Please output every line of the material as it stands, without the pictures.

*** EXERCISE MATERIALS

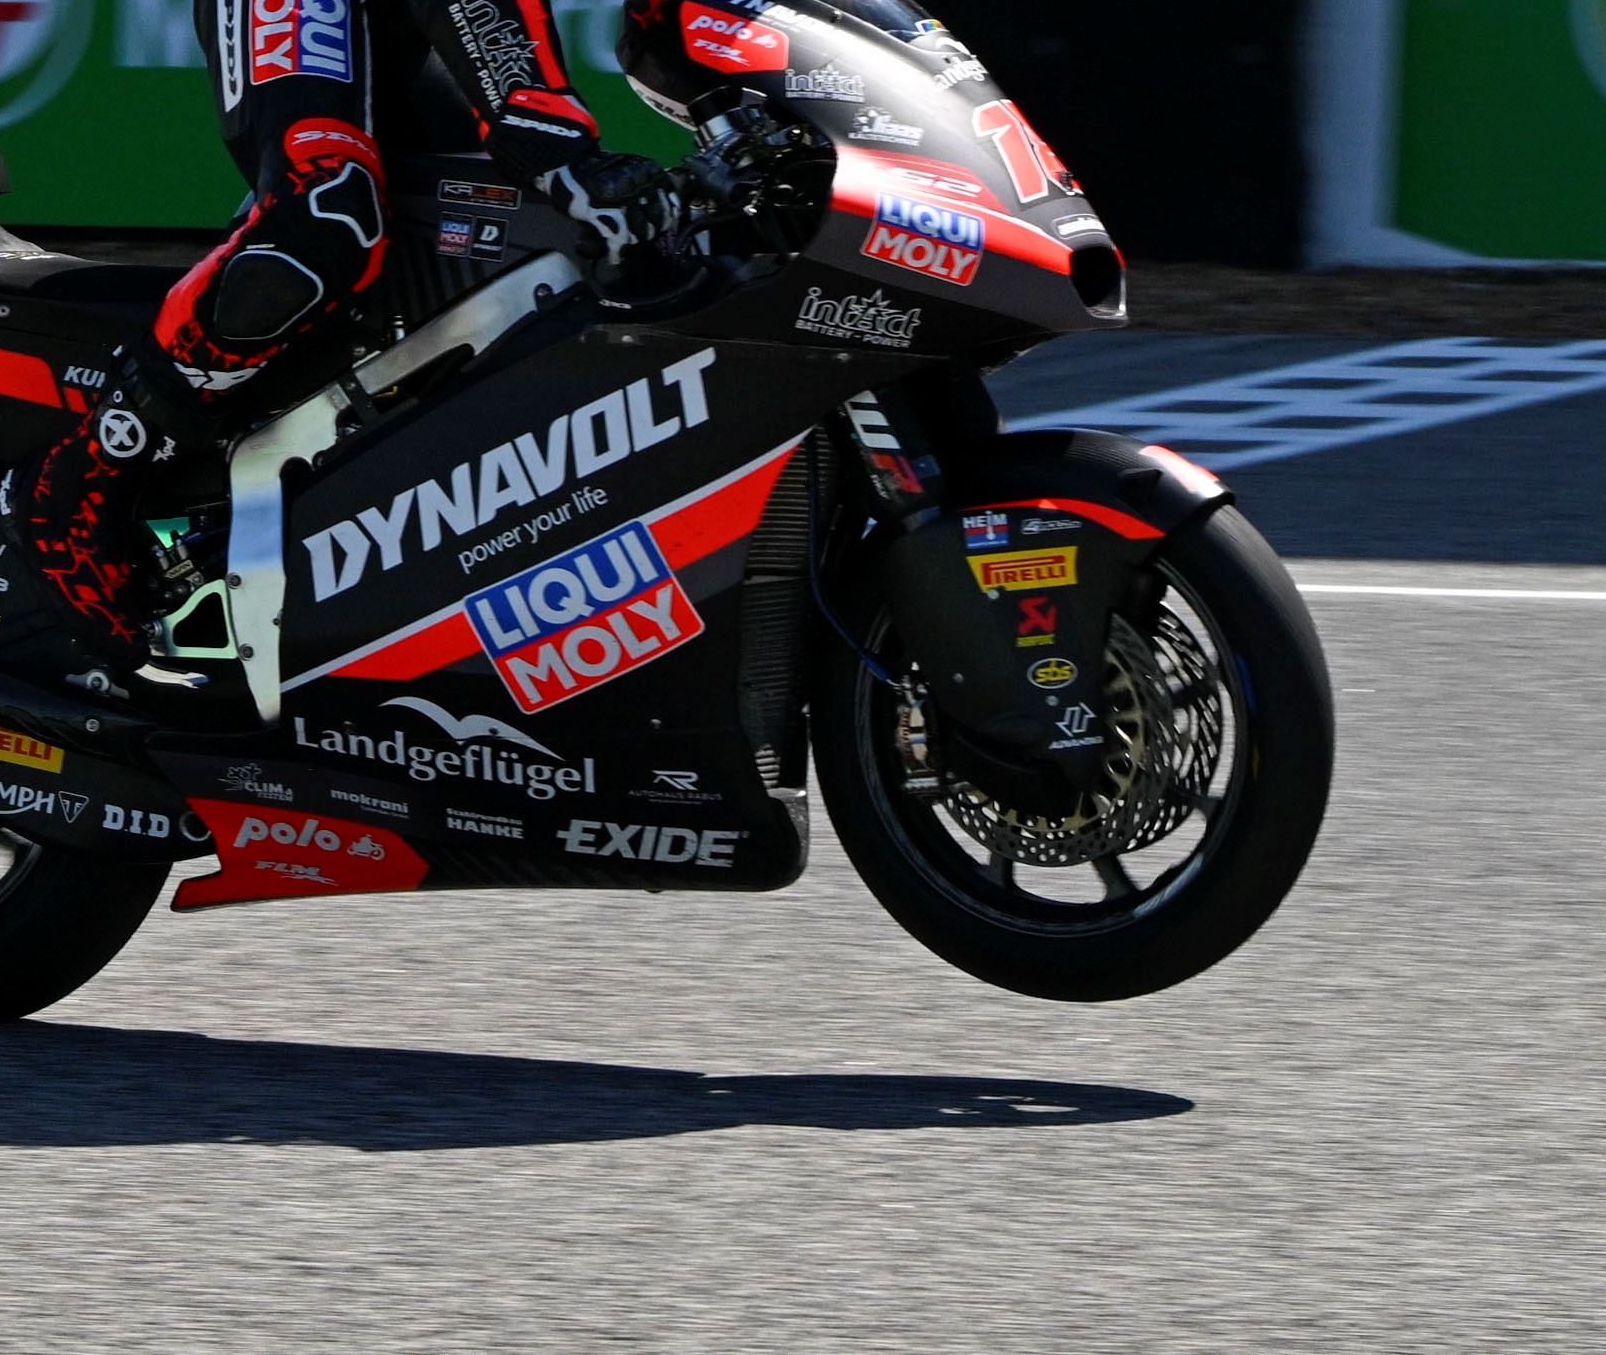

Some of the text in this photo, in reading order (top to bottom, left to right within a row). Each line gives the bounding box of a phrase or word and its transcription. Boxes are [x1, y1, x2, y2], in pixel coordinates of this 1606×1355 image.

[447, 2, 479, 60] BATTERY
[686, 14, 754, 40] polo
[879, 196, 982, 247] LIQUI
[867, 228, 979, 280] MOLY
[794, 319, 852, 340] BATTERY
[861, 331, 913, 349] POWER
[301, 346, 717, 602] DYNAVOLT
[457, 483, 609, 575] power your life
[486, 533, 662, 650] LIQUI
[980, 554, 1068, 586] PIRELLI
[505, 585, 686, 706] MOLY
[1034, 659, 1074, 684] sbs
[293, 716, 596, 800] Landgeflügel
[101, 804, 171, 839] D.I.D
[329, 788, 410, 814] mokrani
[232, 816, 342, 852] polo
[446, 816, 525, 840] HANKE
[555, 818, 743, 868] EXIDE

******

▶ **ANSWER SPACE**:
Some of the text in this photo, in reading order (top to bottom, left to right within a row). Each line gives the bounding box of a phrase or word and its transcription. Boxes are [x1, y1, x2, y2], in pixel coordinates of this 1606×1355 image.

[447, 2, 479, 60] BATTERY
[686, 14, 754, 40] polo
[879, 196, 982, 247] LIQUI
[867, 228, 979, 280] MOLY
[794, 319, 852, 340] BATTERY
[861, 331, 913, 349] POWER
[301, 346, 717, 602] DYNAVOLT
[457, 483, 609, 575] power your life
[486, 533, 662, 650] LIQUI
[980, 554, 1068, 586] PIRELLI
[505, 585, 686, 706] MOLY
[1034, 659, 1074, 684] sbs
[293, 716, 596, 800] Landgeflügel
[101, 804, 171, 839] D.I.D
[329, 788, 410, 814] mokrani
[232, 816, 342, 852] polo
[446, 816, 525, 840] HANKE
[555, 818, 743, 868] EXIDE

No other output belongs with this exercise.